[AIM OF THE EXERCISE] Return all of the listing word for word; the pictures stay out.

[RECORDS FOR THIS EXERCISE]
_ _ _

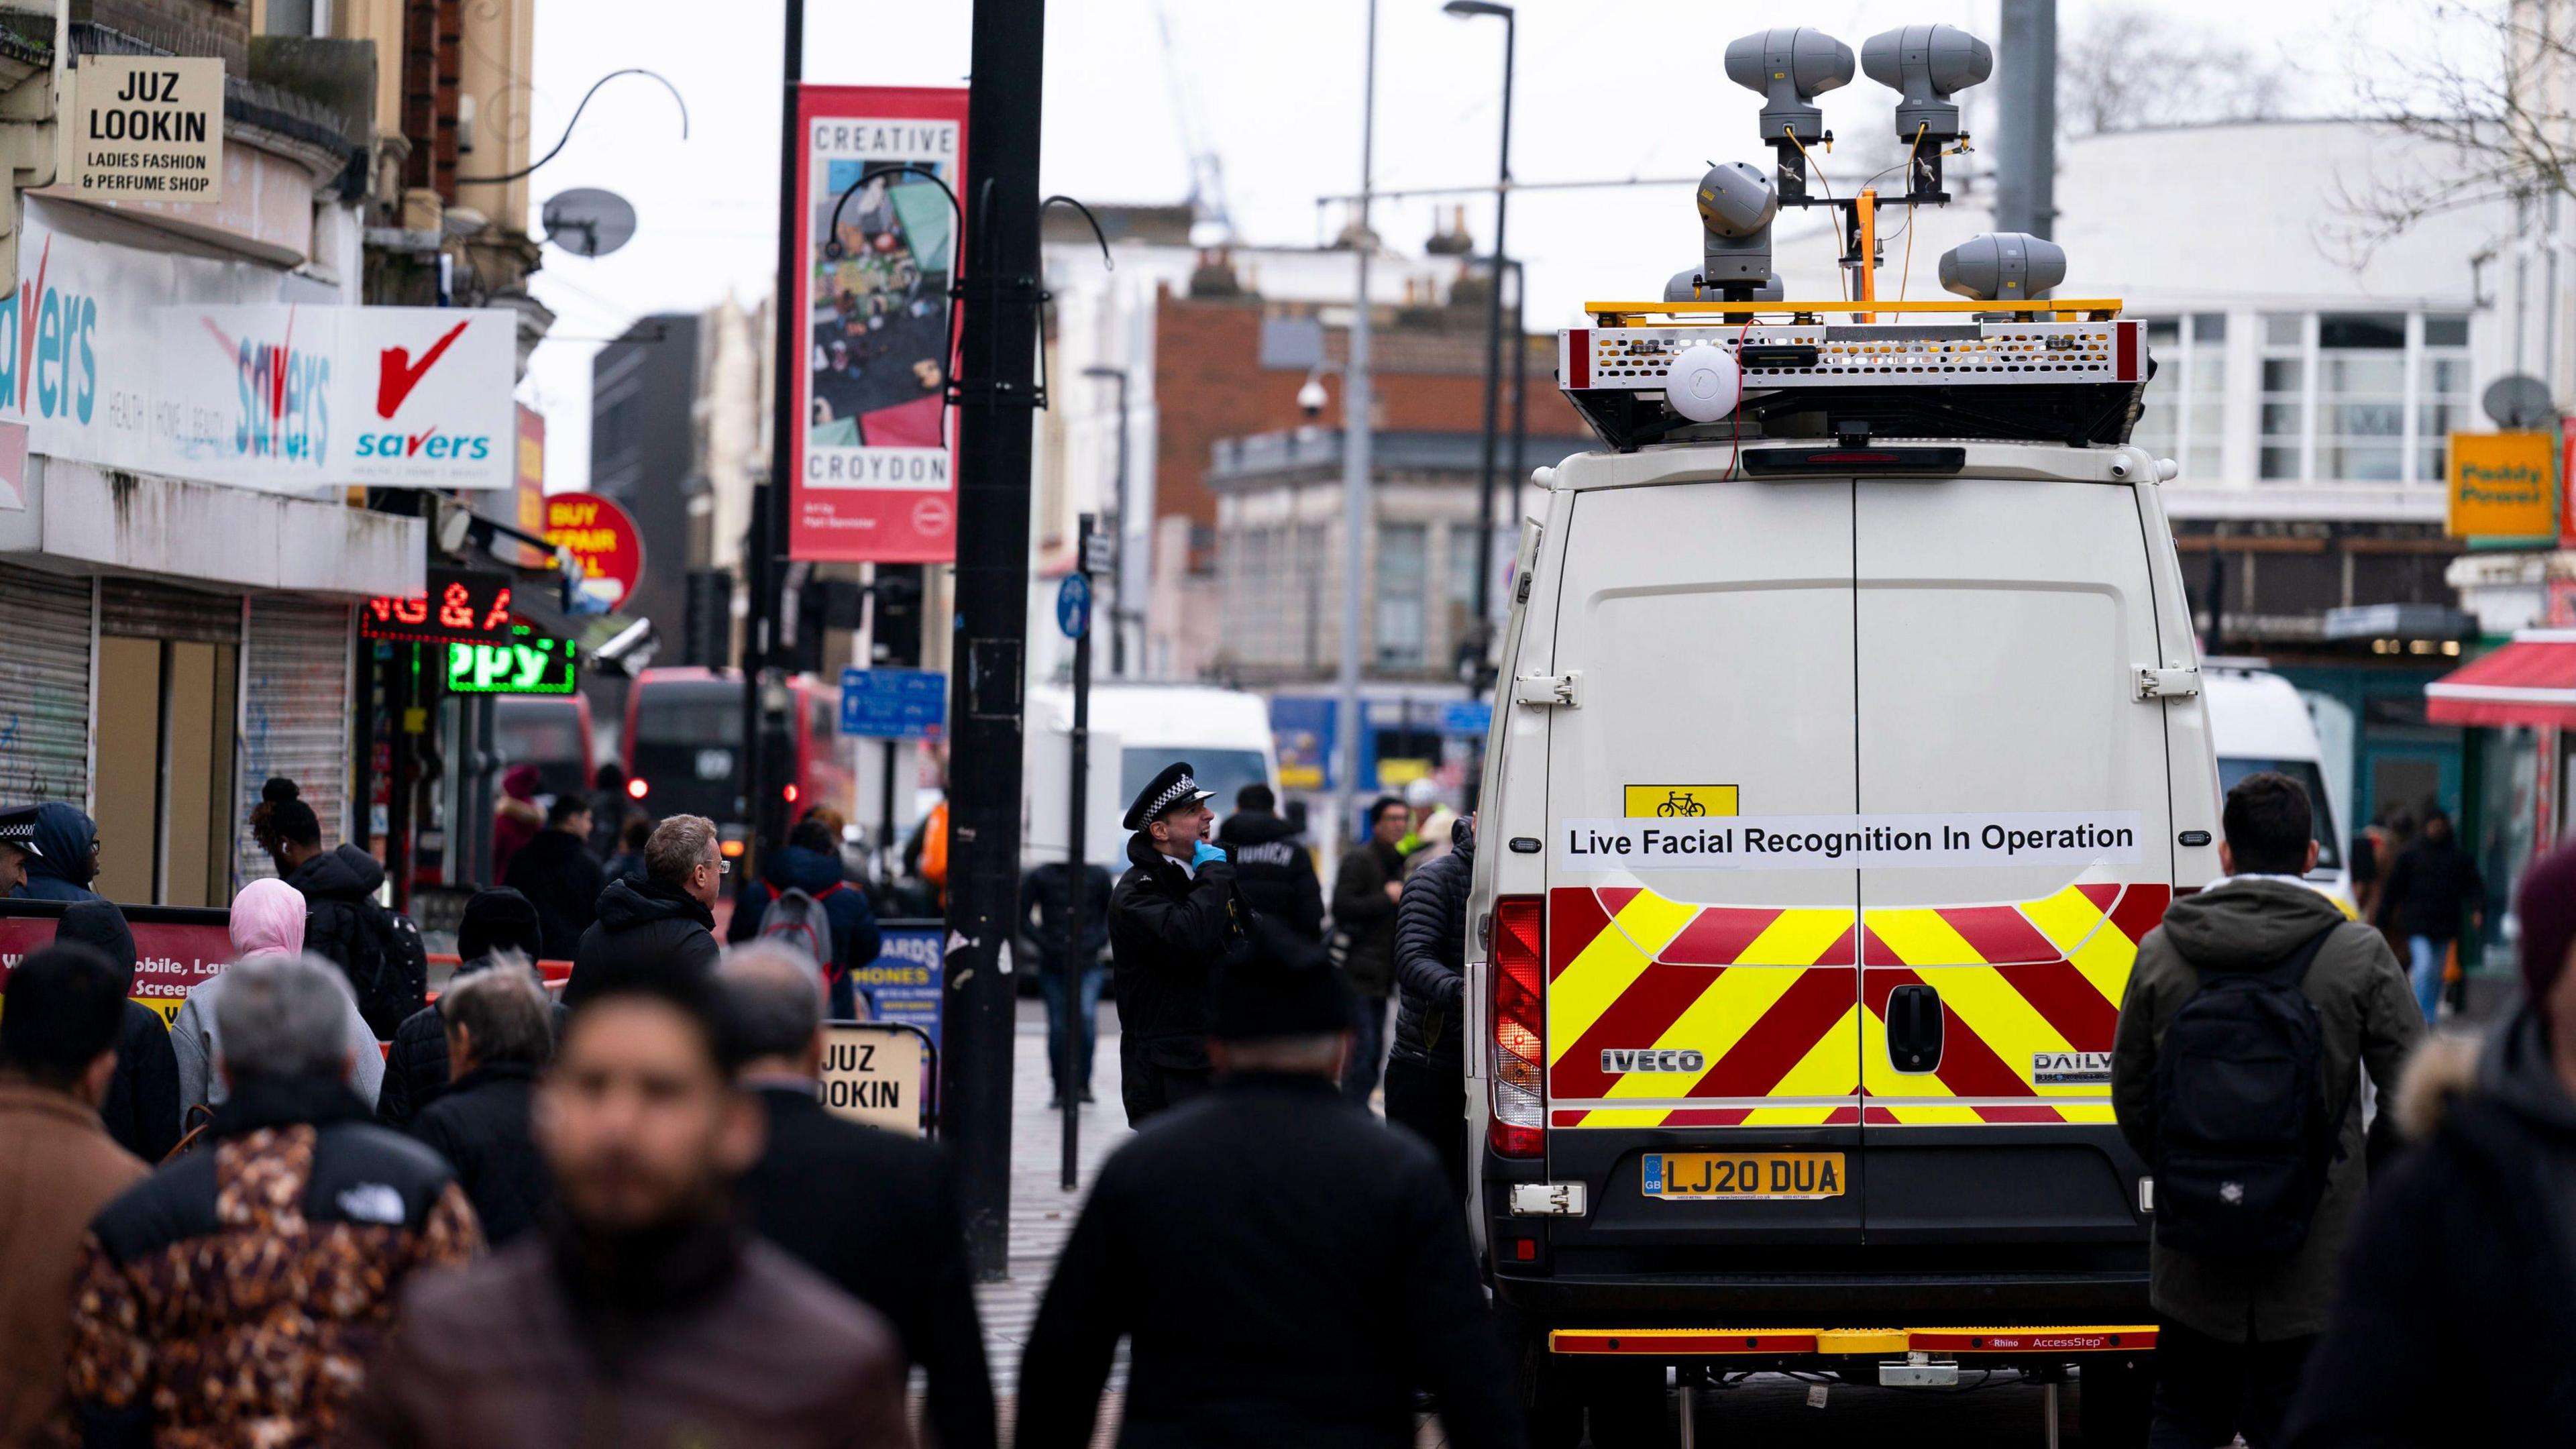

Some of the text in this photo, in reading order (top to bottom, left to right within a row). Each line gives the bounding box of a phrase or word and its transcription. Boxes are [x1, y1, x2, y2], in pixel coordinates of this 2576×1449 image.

[118, 71, 179, 102] JUZ
[90, 109, 205, 142] LOOKIN
[814, 126, 954, 153] CREATIVE
[88, 152, 205, 170] LADIES FASHION
[83, 173, 209, 192] & PERFUME SHOP
[355, 427, 490, 460] savers
[809, 455, 946, 481] CROYDON
[549, 503, 599, 527] BUY
[440, 582, 474, 629] &
[1570, 823, 2133, 859] Live Facial Recognition In Operation
[134, 958, 188, 976] obile,
[880, 938, 938, 970] ARDS
[851, 968, 929, 984] HONES
[822, 1044, 875, 1071] JUZ
[1602, 1051, 1704, 1072] IVECO
[2035, 1054, 2113, 1069] DAILY
[816, 1080, 899, 1108] OOKIN
[1645, 1181, 1662, 1189] GB
[1668, 1160, 1838, 1192] LJ20 DUA
[1994, 1339, 2019, 1347] Rhino

_ _ _

[TASK RESPONSE]
Some of the text in this photo, in reading order (top to bottom, left to right within a row). Each line gives the bounding box of a phrase or word and its transcription. Boxes are [x1, y1, x2, y2], in pixel coordinates of this 2576×1449 image.

[118, 71, 179, 102] JUZ
[90, 109, 205, 142] LOOKIN
[814, 126, 954, 153] CREATIVE
[88, 152, 205, 170] LADIES FASHION
[83, 173, 209, 192] & PERFUME SHOP
[355, 427, 490, 460] savers
[809, 455, 946, 481] CROYDON
[549, 503, 599, 527] BUY
[440, 582, 474, 629] &
[1570, 823, 2133, 859] Live Facial Recognition In Operation
[134, 958, 188, 976] obile,
[880, 938, 938, 970] ARDS
[851, 968, 929, 984] HONES
[822, 1044, 875, 1071] JUZ
[1602, 1051, 1704, 1072] IVECO
[2035, 1054, 2113, 1069] DAILY
[816, 1080, 899, 1108] OOKIN
[1645, 1181, 1662, 1189] GB
[1668, 1160, 1838, 1192] LJ20 DUA
[1994, 1339, 2019, 1347] Rhino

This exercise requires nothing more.